[wp-hackers] Improving WordPress Core Development
Ryan Boren
ryan at boren.nu
Tue Dec 29 20:44:20 UTC 2009
On Tue, Dec 29, 2009 at 1:36 AM, Dion Hulse (dd32) <wordpress at dd32.id.au> wrote:
> On Tue, 29 Dec 2009 07:31:46 +1100, Dan Cole <wp at dan-cole.com> wrote:
>>
>> <snip>
>
> Sounds good to me, Here's my long brainstorm of some changes which could be
> useful.
> Please note, That when i say a clear policy, I mainly mean a published
> document somewhere redibly accessable by users that explains it all.
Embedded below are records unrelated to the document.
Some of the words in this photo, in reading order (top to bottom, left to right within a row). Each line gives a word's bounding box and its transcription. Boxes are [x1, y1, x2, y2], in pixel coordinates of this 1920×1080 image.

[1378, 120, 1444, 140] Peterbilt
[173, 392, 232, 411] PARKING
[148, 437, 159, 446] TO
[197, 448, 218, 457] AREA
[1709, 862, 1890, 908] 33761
I also
> do not intend to attack anyone personally, if something i mention sounds
> like something you may have done, Do not take it as an arguement, Its mainly
> my opinion of how i'd like to see things happen.
>
> I'd like to preface it by saying that WordPress in general seems to be
> staying pretty open about whats happening, although i agree that sometimes
> theres a bit of a "so and so said this was coming in 3.0!" etc sort of item
> before theres even been a meeting to decide.. but sometimse developers will
> get behind something and do it, knowing its in the end users best interests,
> you have to trust them sometimes :) - Make sure you read the Setting Scope
> blog post however before anyone comments on that statement please.
>
>
> I see a few things that WordPress needs:
Agreed on your points. I'll start by roughly documenting what we
already do, or at least try to do. Let's begin when opening up on a
new release. Here comes the alpha stage:
** Alpha **
* Collect feature ideas from ideas forum, support forums, most popular
plugins, dev brainstorms, and other sources.
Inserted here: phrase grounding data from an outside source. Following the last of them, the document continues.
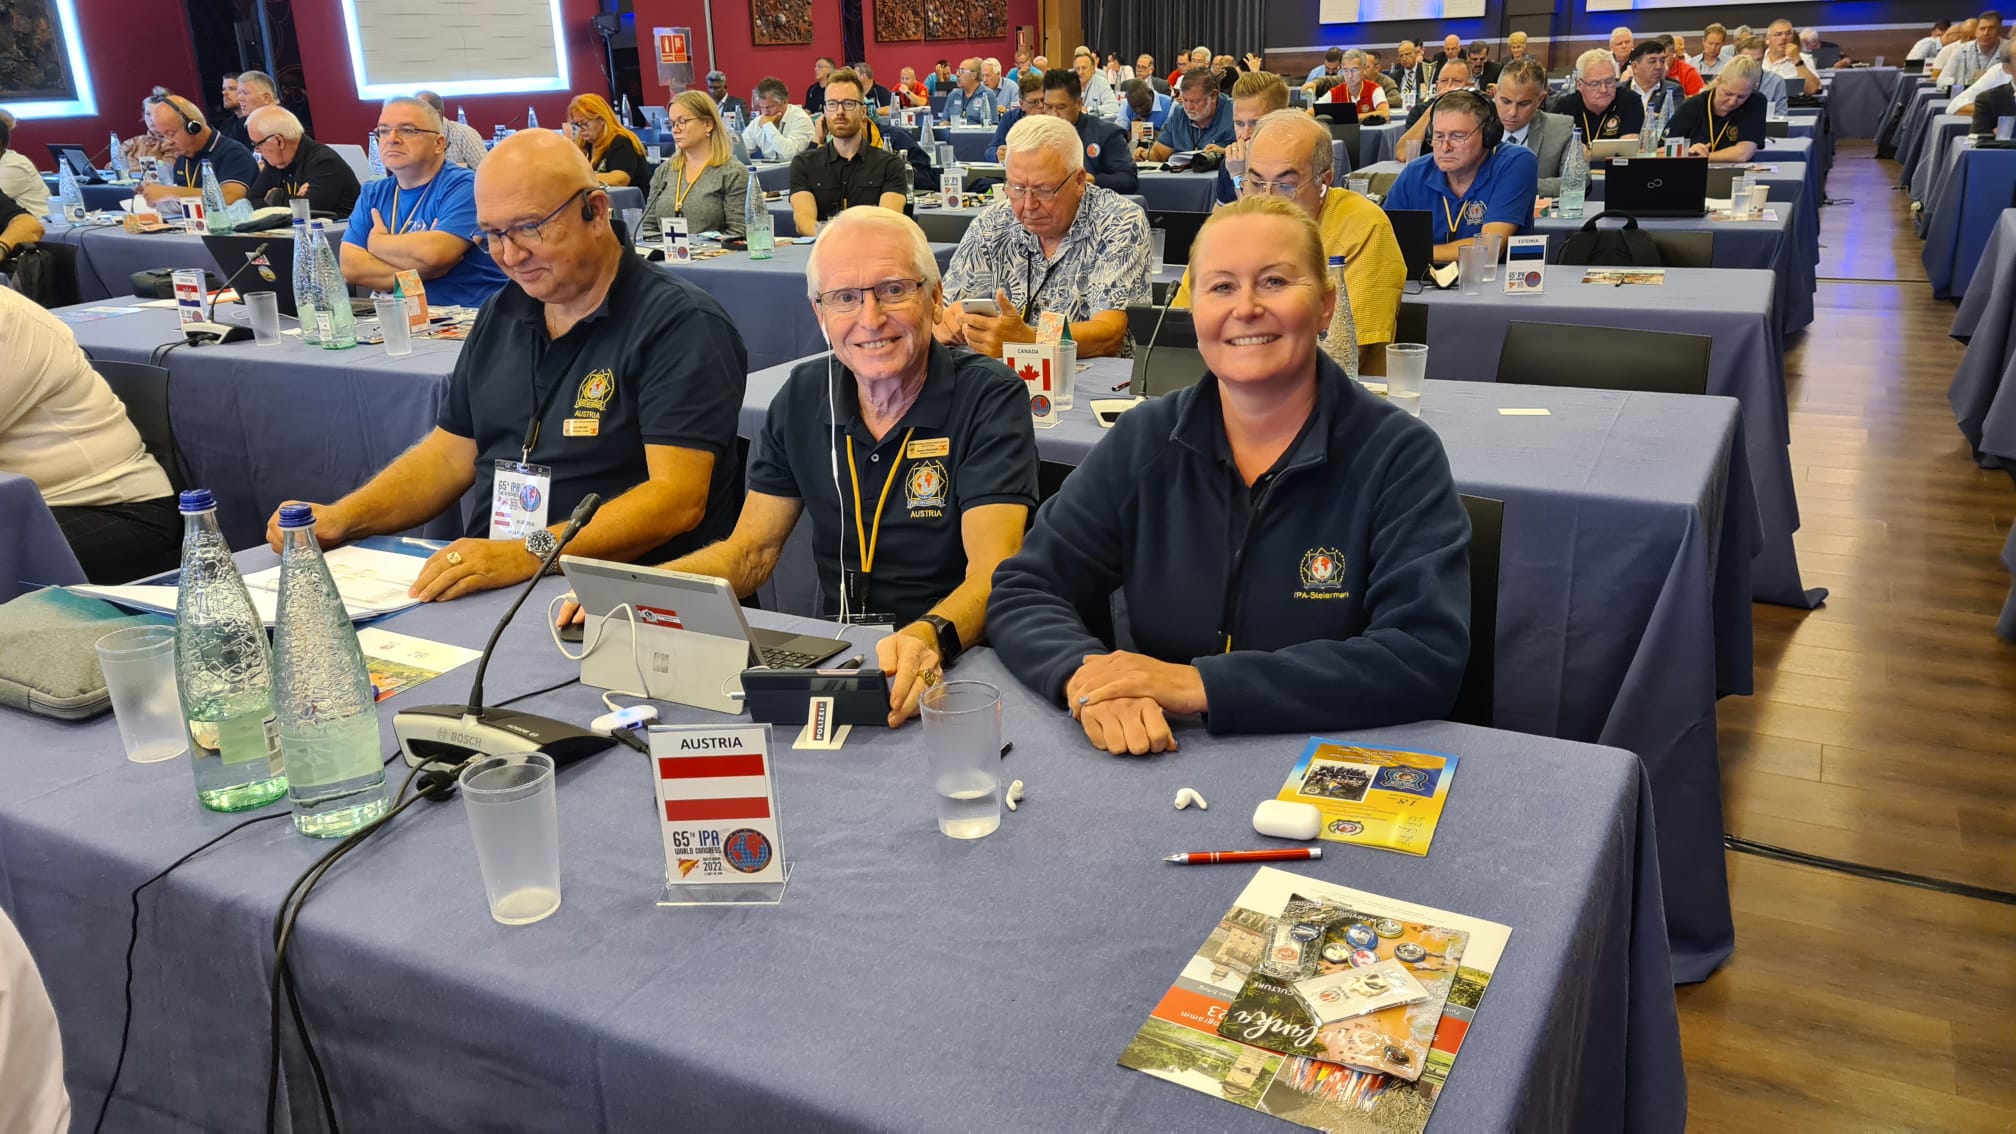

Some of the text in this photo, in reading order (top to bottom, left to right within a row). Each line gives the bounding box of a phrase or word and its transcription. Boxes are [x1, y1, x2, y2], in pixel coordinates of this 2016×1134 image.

[574, 409, 600, 419] AUSTRIA
[910, 509, 942, 518] AUSTRIA
[816, 707, 825, 740] POLIZEI
[450, 731, 482, 748] BOSCH
[680, 736, 743, 750] AUSTRIA
[698, 830, 720, 847] IPA
[695, 846, 721, 855] CONGRESS
[703, 862, 722, 872] 2022
[1253, 980, 1295, 996] CULTURE
[1181, 1009, 1220, 1026] ogramm
[1207, 1005, 1229, 1020] 23
* #wordpress-dev meetup to decide on which features we want to commit
to and set the scope of the release
* While this is going on, do some trac gardening of things that got
punted from the previous release. We're pretty bad about this
sometimes, but with 3.0 Peter and I have been going through some of
the backlog.
* With features decided, create "task" tickets for all features
targeted for the release. Set existing "enhancement" tickets that
made the cut to "task". Start developing and submitting patches to the
tickets.
* At the same time, more trac gardening on existing tickets.
* Continuous integration in trunk, committing feature work early and
often. Trunk may break at times, but we're all dogfooding the latest
bits.
** Feature Freeze **
* Once all features are deemed complete via meeting on #wordpress-dev,
we enter feature freeze. Sometimes we have features that aren't quite
ready that are noted as exceptions to the freeze. Everything else is
put in feature freeze with the hope of driving to beta on everything
else. Ideally, there would be no freeze exceptions.
* Drive to remove all beta "blocker" bugs in prep for entering the beta cycle
** Beta **
* "blocker" tickets are cleared. Beta 1 is released to kick off the
public beta cycle.
* Fix bugs and start punting enhancements.
* Release Beta 2 about a week later.
* Fix bugs and start punting less severe tickets.
* Release Beta 3 a week later.
* Punt everything but blockers and fix those blockers.
** RC **
* Release RC1
* Wait x days. In the past this has been from 1 day to a week or so.
* If more bugs, release RC2. (We haven't done this in awhile).
** Final Release **
* Release it
* Monitor feedback and start collecting fixes for a maintenance release.
** Alpha **
* Do it all again for the next release.